Nancy is slowly being transformed into a bionic woman.  Some years ago she had intraocular lenses inserted to replace the natural lenses of her eyes.    Now she has a porcine valve in her heart and, using her own donated tissue, some new plumbing for her blood.

Today the team decided she need no longer have the external pacemaker that has been with her for some time.  It has been turned off for a couple of days and she wasn’t needing it for a time before that.  So the wires were clipped and the ends leading into her heart were given a few gentle tugs.  One came out very nicely.  The other one seemed more securely anchored and so it got to stay.  It was stretched out ever so gently, clipped off, and allowed to retreat beneath the skin.  Truly, a spare part.

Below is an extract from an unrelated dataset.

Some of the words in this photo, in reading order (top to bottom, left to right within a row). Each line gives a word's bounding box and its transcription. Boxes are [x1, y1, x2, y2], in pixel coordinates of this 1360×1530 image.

Otherwise, for Nancy, this was an uneventful day.  We are again talking about (but not having) a timeline for leaving the ICU and going to a skilled care facility.  A comment was made today that “there is light at the end of the tunnel.”  True, but it has turned out to be a very long tunnel.

MONDAY — not much

New today is a ‘midline catheter’.  I wonder why they don’t call it an MLC?  Almost everything is known by acronym.  It’s maddening.  And I think it should be a mid-length catheter – but I didn’t get to name it.

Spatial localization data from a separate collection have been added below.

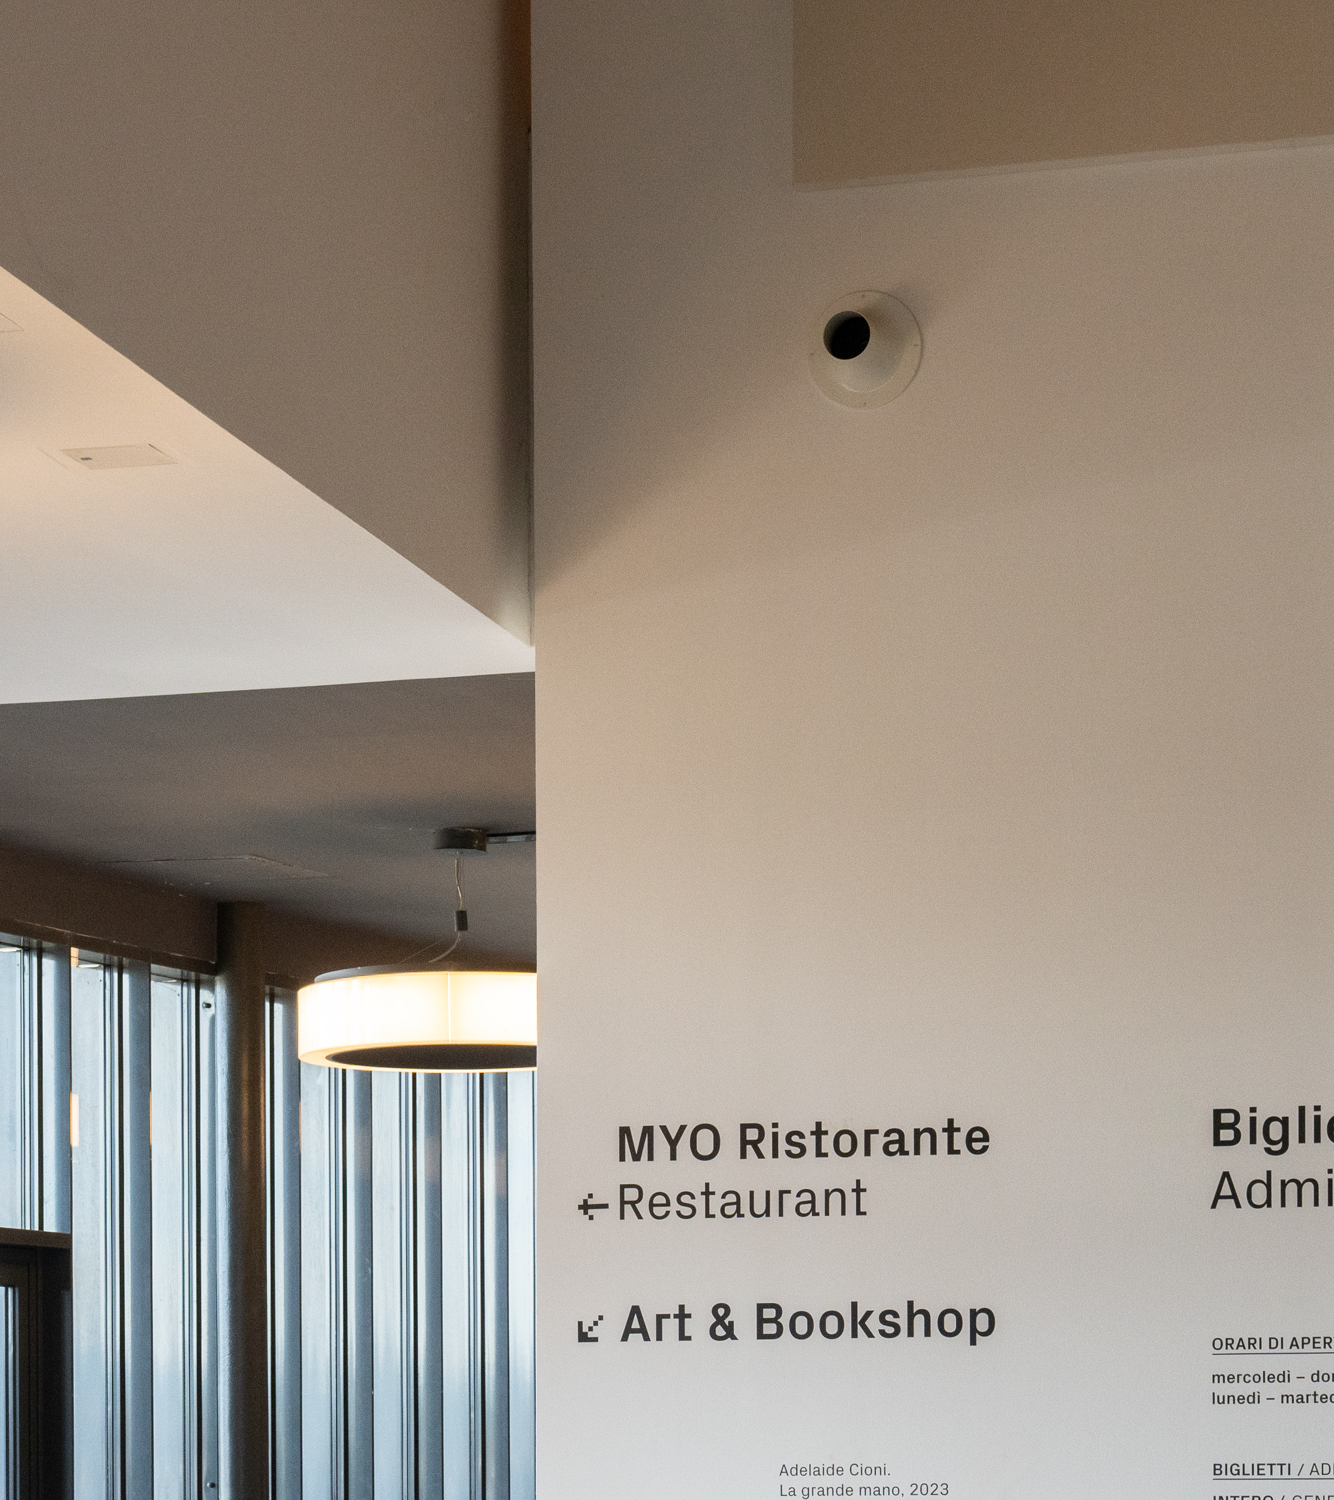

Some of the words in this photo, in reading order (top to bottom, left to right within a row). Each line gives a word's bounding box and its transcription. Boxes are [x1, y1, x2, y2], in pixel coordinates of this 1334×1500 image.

[619, 1123, 720, 1163] MYO
[740, 1117, 989, 1160] Ristorante
[620, 1178, 867, 1221] Restaurant
[621, 1304, 691, 1342] Art
[709, 1302, 738, 1342] &
[757, 1299, 995, 1347] Bookshop
[1212, 1337, 1262, 1351] ORARI
[1269, 1336, 1283, 1350] DI
[1212, 1369, 1290, 1384] mercoledì
[1213, 1391, 1260, 1405] lunedì
[780, 1463, 844, 1477] Adelaide
[850, 1463, 890, 1477] Cioni.
[1213, 1462, 1290, 1477] BIGLIETTI
[1298, 1463, 1304, 1477] /
[781, 1484, 796, 1497] La
[802, 1483, 853, 1500] grande
[860, 1485, 904, 1498] mano,
[910, 1482, 948, 1496] 2023
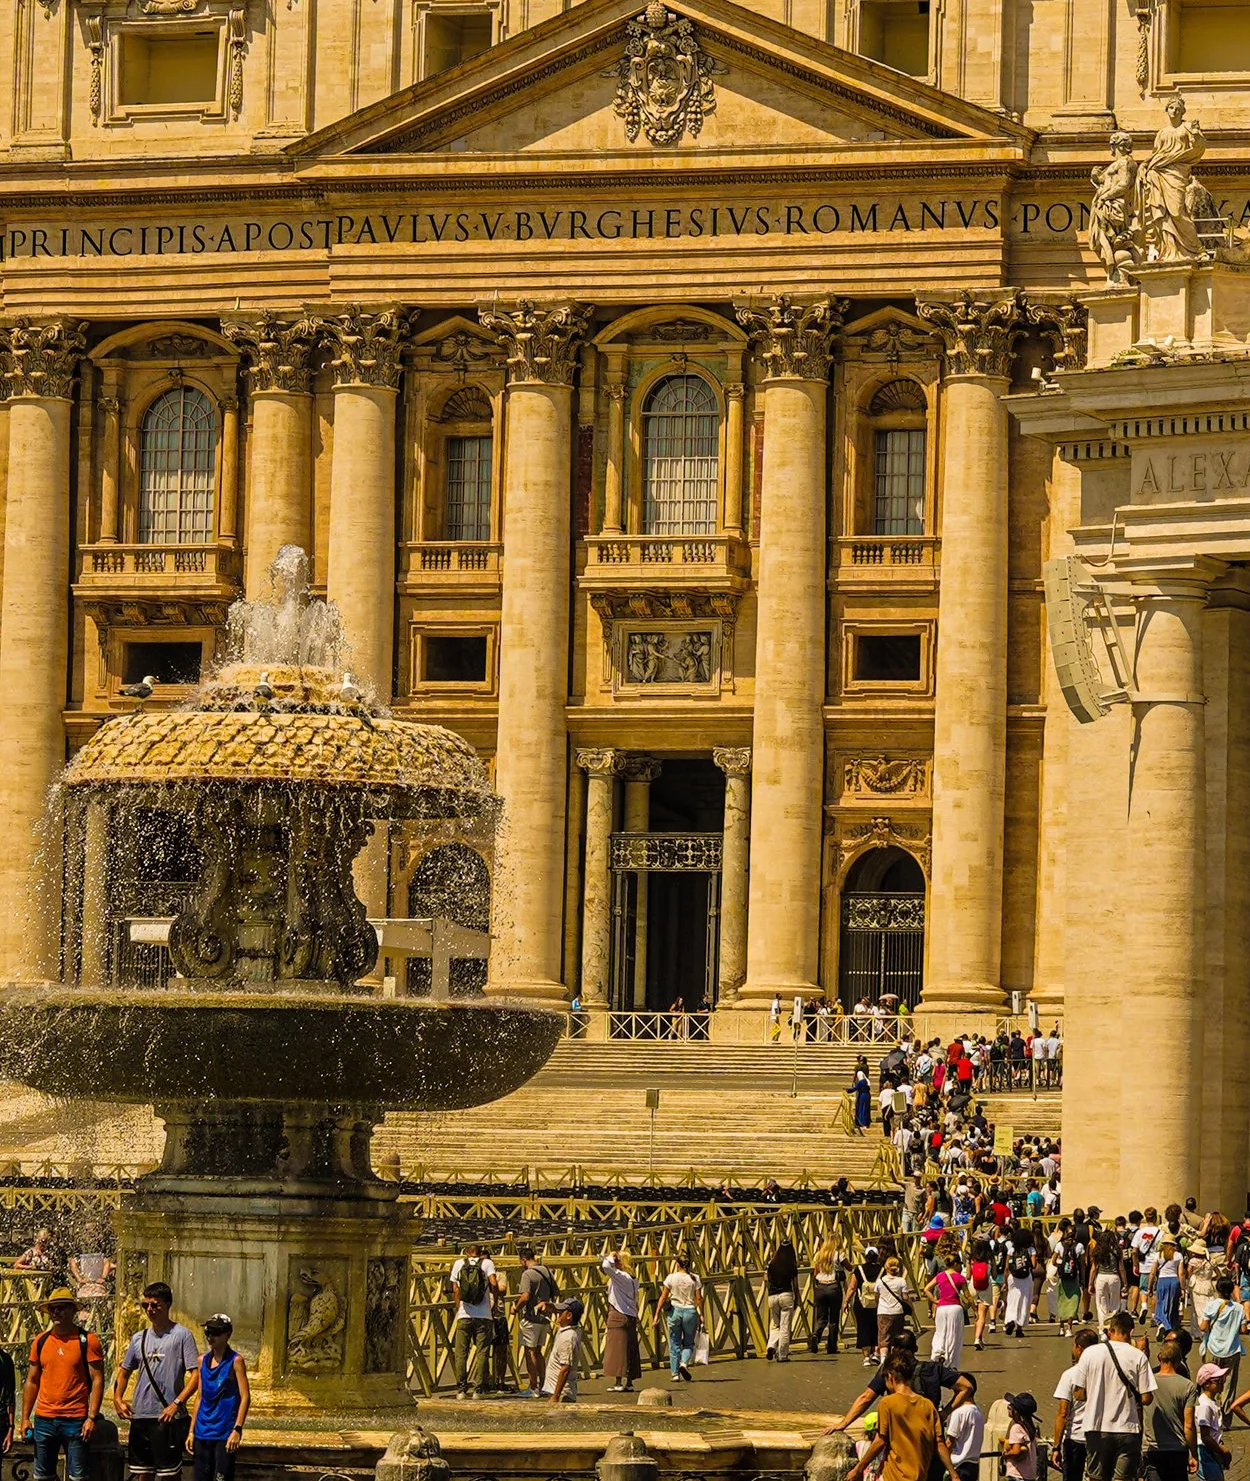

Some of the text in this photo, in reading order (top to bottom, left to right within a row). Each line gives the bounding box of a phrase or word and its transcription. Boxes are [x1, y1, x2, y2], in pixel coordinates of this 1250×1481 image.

[9, 225, 206, 259] PRINCIPIS
[216, 220, 333, 252] APOST
[336, 213, 470, 244] PAVLVS
[479, 212, 505, 241] V
[514, 206, 770, 241] BVRGHESIVS
[784, 199, 998, 235] ROMANVS
[1019, 202, 1097, 233] PON

Catheters are short or long tubes that can be inserted into the body, in this case Nancy’s, for the injection of fluids.  Thus, she gets one poke that will do for many days rather than multiple pokes.  The down side is that you have the end sticking out and taped to your skin – often in an awkward place.

The midline catheter usually goes in on the arm near the elbow joint and runs up into the area just short of the axilla or near where the arm connects to the shoulder.  I’ll get a look tomorrow.

Nancy had a PICC line (peripherally inserted central catheter) inserted last summer.  That story began in April and you can search for endocarditis to catch up.  Nancy had four different bacteria in her blood and the protocol was for 28 days of injections of about 30 minutes.  That line went from about the same location near the elbow into the artery near her heart and so the medicine was released close to where it was needed.

Today, I was there for lunch and visits by a nutritionist and a social services case manager. The case manager gave us a large 3-ring binder with reading material designed to guide us through the recovery period, especially that time after Nancy leaves the hospital.  There is also a section on pre-operation instructions and one on how to quit smoking.  I’m thinking of buying a parakeet so I’ll have something to do with those pages.